Mais il dut prendre son portefeuille, en tirer un billet qu’il jeta au garçon accouru, en lui criant :

— Ça va ; gardez tout !

Ruby avait déjà eu le temps de gagner la rue. À peine avait-elle fait quelques pas qu’elle s’entendit encore appeler.

Une porte cochère fermée laissait sous son porche un recoin d’ombre. Elle s’y blottit et vit passer devant elle Jean qui se hâtait à sa poursuite.

Elle le laissa s’éloigner. Quand elle se crut certaine qu’il avait perdu sa trace, elle sortit de sa retraite et descendit la rue Frochot pour rentrer chez elle.

L’heure était tardive, les rues presque désertes. On ne voyait guère sur les trottoirs que les portiers des boîtes de nuit qui veillaient sur les autos alignées les unes derrière les autres. Les enseignes cependant appelaient encore les incertains noctambules.

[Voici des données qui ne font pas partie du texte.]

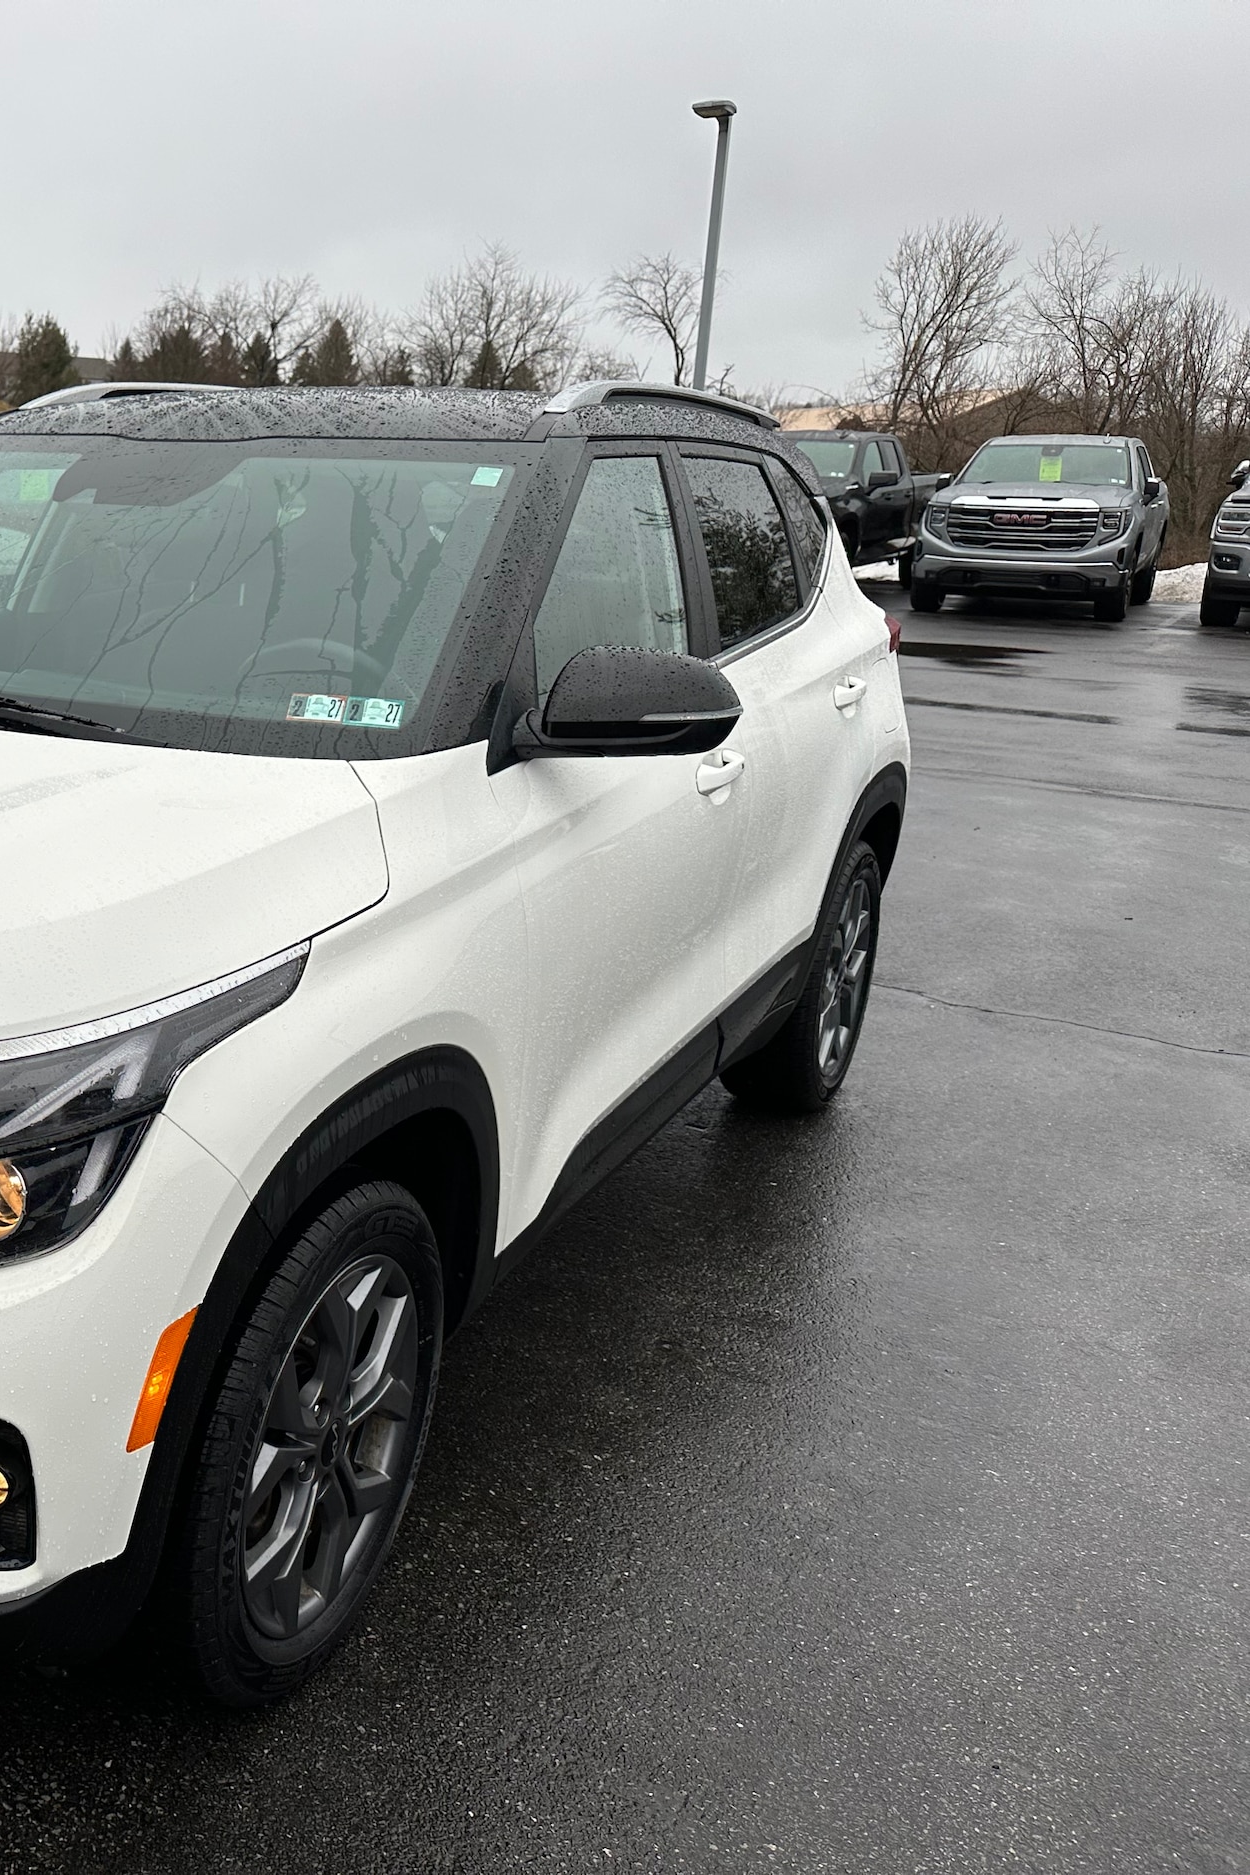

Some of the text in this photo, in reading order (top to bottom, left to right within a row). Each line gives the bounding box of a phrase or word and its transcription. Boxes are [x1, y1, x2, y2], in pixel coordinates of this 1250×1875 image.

[993, 513, 1048, 525] GMC
[291, 700, 303, 717] 2
[327, 699, 343, 719] 27
[349, 703, 360, 721] 2
[384, 702, 401, 724] 27
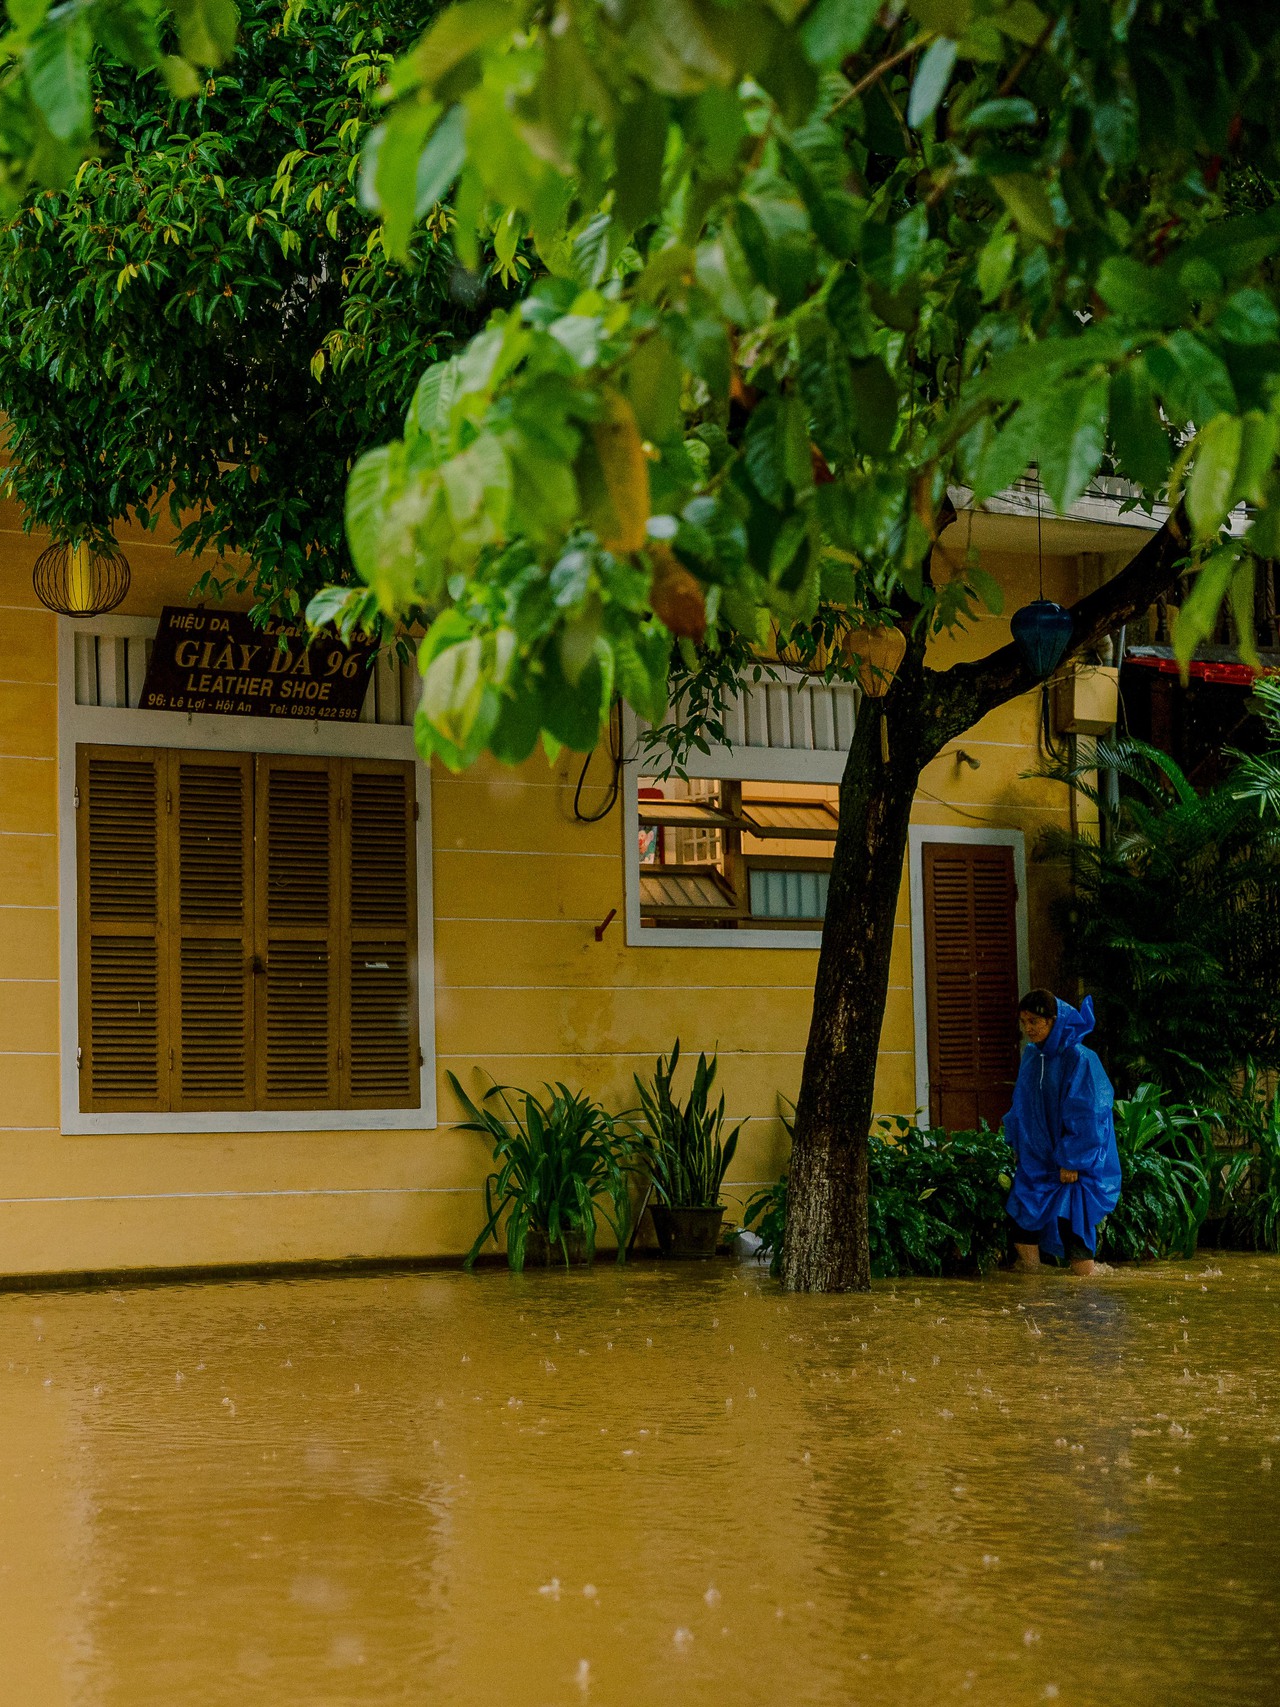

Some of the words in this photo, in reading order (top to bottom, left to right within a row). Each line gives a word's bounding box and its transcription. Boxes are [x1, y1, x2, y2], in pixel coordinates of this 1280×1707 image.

[169, 613, 205, 632] HIỆU
[210, 618, 230, 632] DA
[175, 634, 261, 671] GIÀY
[268, 647, 312, 675] DA
[323, 650, 362, 678] 96
[186, 673, 273, 697] LEATHER
[280, 680, 332, 700] SHOE
[148, 693, 166, 706] 96:
[170, 697, 184, 707] Lê
[187, 698, 206, 711] Lợi
[215, 700, 234, 713] Hội
[237, 701, 252, 712] An
[269, 703, 288, 715] Tel:
[291, 705, 316, 716] 0935
[318, 707, 338, 718] 422
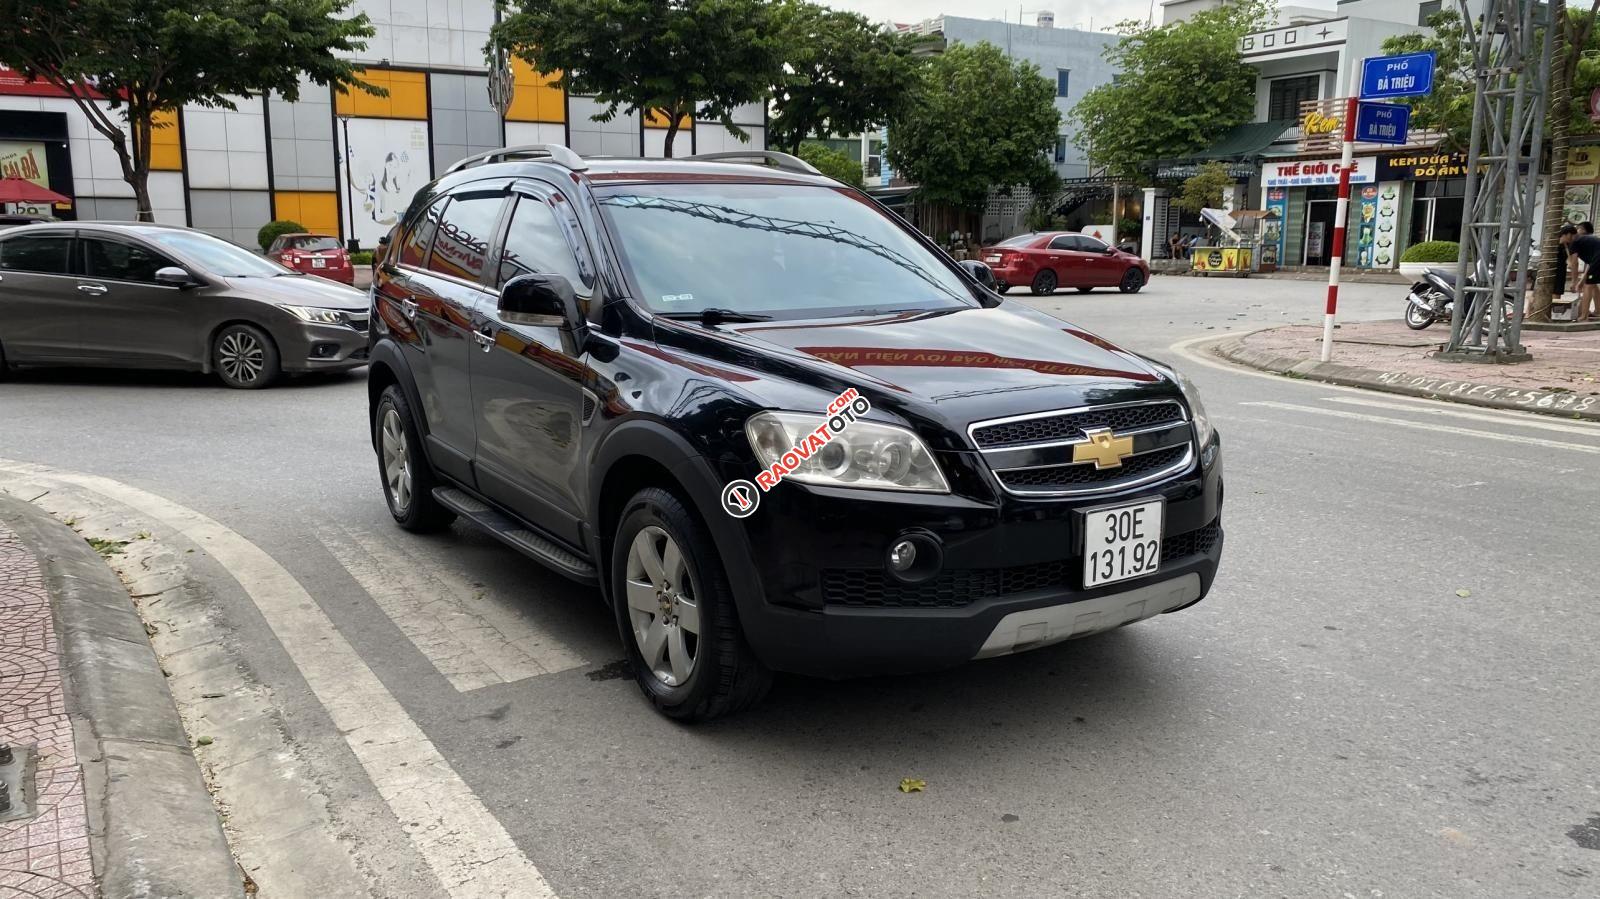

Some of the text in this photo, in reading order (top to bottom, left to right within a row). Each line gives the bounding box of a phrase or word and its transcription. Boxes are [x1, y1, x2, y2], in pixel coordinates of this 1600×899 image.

[1387, 60, 1409, 71] PHỐ
[1390, 73, 1416, 91] TRIỆU
[1376, 109, 1393, 119] PHỐ
[1378, 122, 1397, 139] TRIỆU
[1277, 160, 1359, 177] THẾ GIỚI CÈ
[1389, 157, 1417, 167] KEM
[1438, 164, 1459, 176] ĂN
[1104, 507, 1145, 544] 30E
[1090, 540, 1158, 582] 131.92
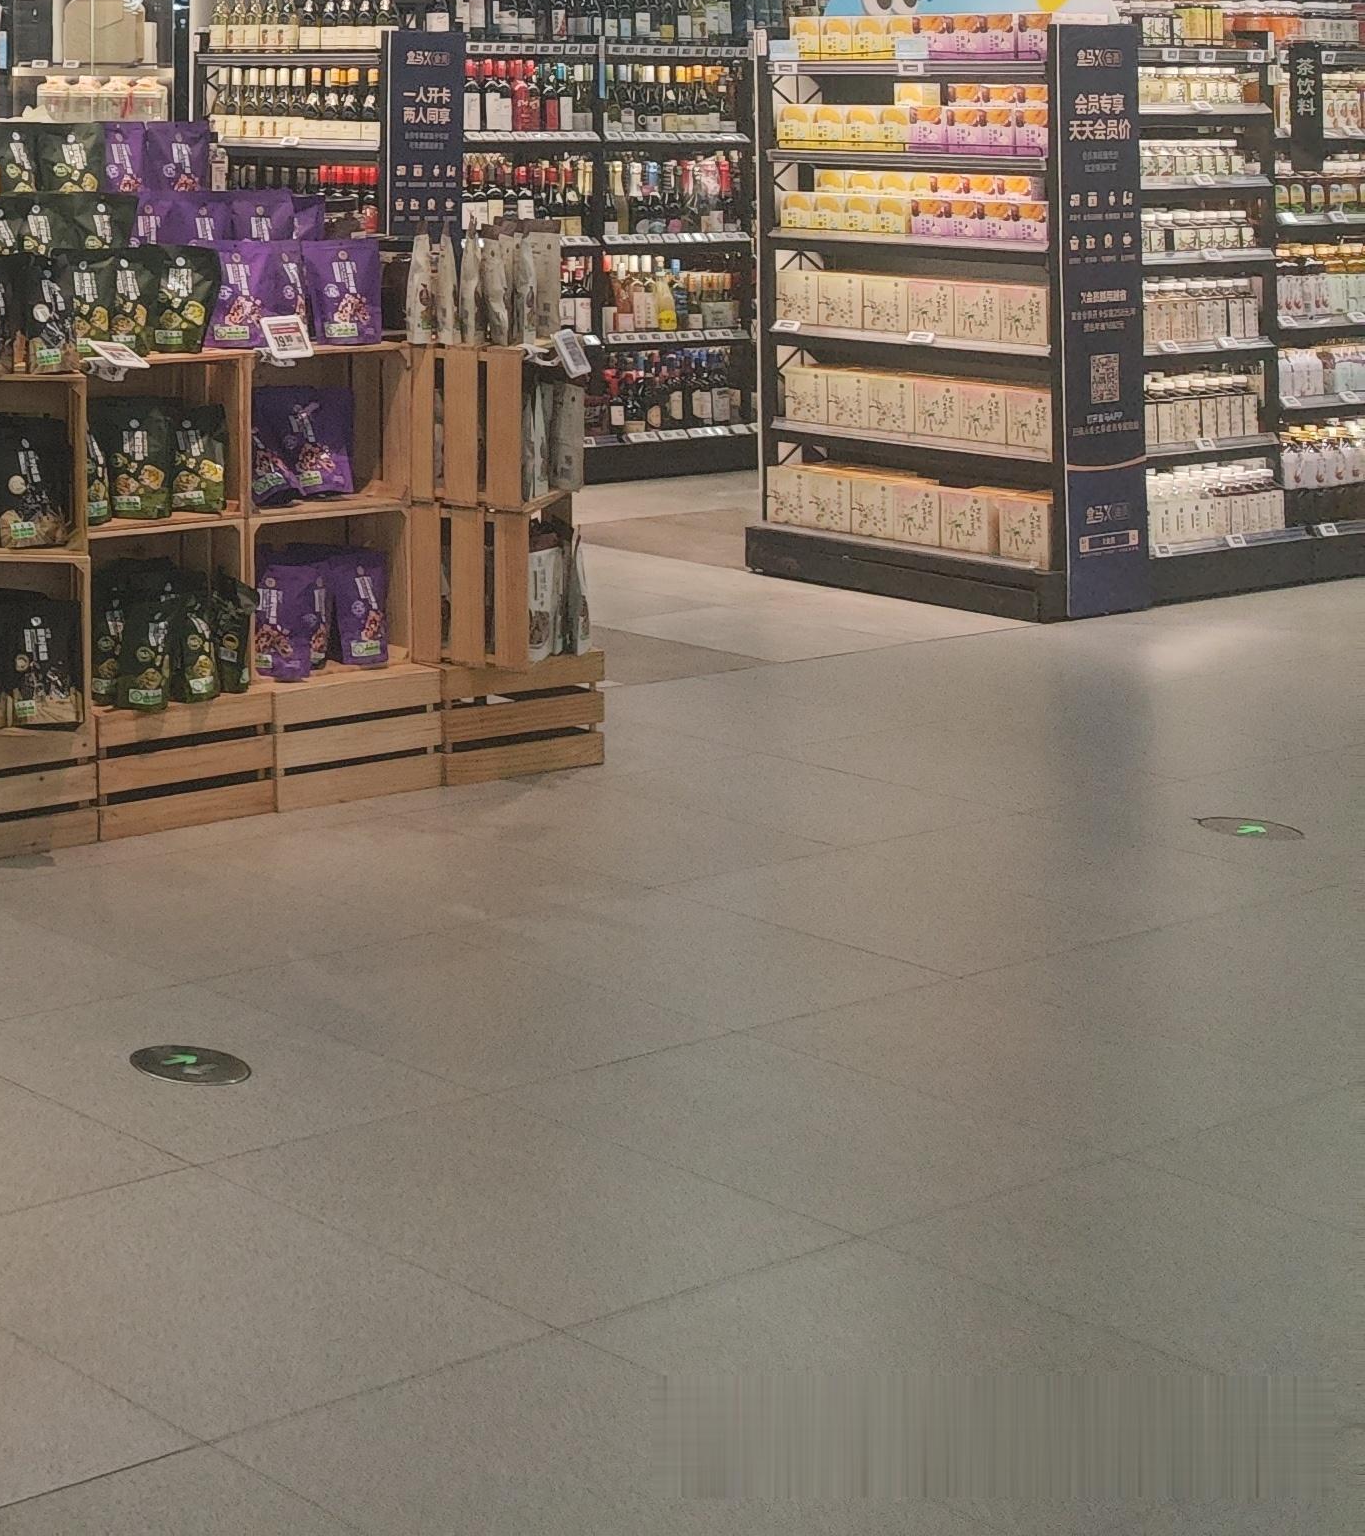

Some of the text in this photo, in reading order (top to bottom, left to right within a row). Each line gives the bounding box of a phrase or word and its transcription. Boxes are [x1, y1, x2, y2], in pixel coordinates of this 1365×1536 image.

[403, 86, 452, 104] 一人开卡
[1295, 57, 1317, 117] 茶饮料
[1074, 93, 1125, 115] 会员专享
[403, 106, 452, 125] 两人同享
[1068, 118, 1132, 141] 天天会员价

Ruby était triste. Jean avait gâché sa première journée de liberté. Elle ne l’aimait pas, mais il ne lui était pas indifférent et l’idée d’appartenir à ce grand garçon brun, bien découplé, et dont les yeux étaient de feu, ne lui déplaisait pas. Ne devrait-elle pas un jour savoir ce qu’est l’amour ? Mais pourquoi avait-il été si pressé ? Pourquoi avait-il parlé d’argent ? Avec un peu moins de hâte, un peu plus de tendresse, il l’eût eue quand il voulait. Elle-même n’avait-elle pas paru un peu sotte ?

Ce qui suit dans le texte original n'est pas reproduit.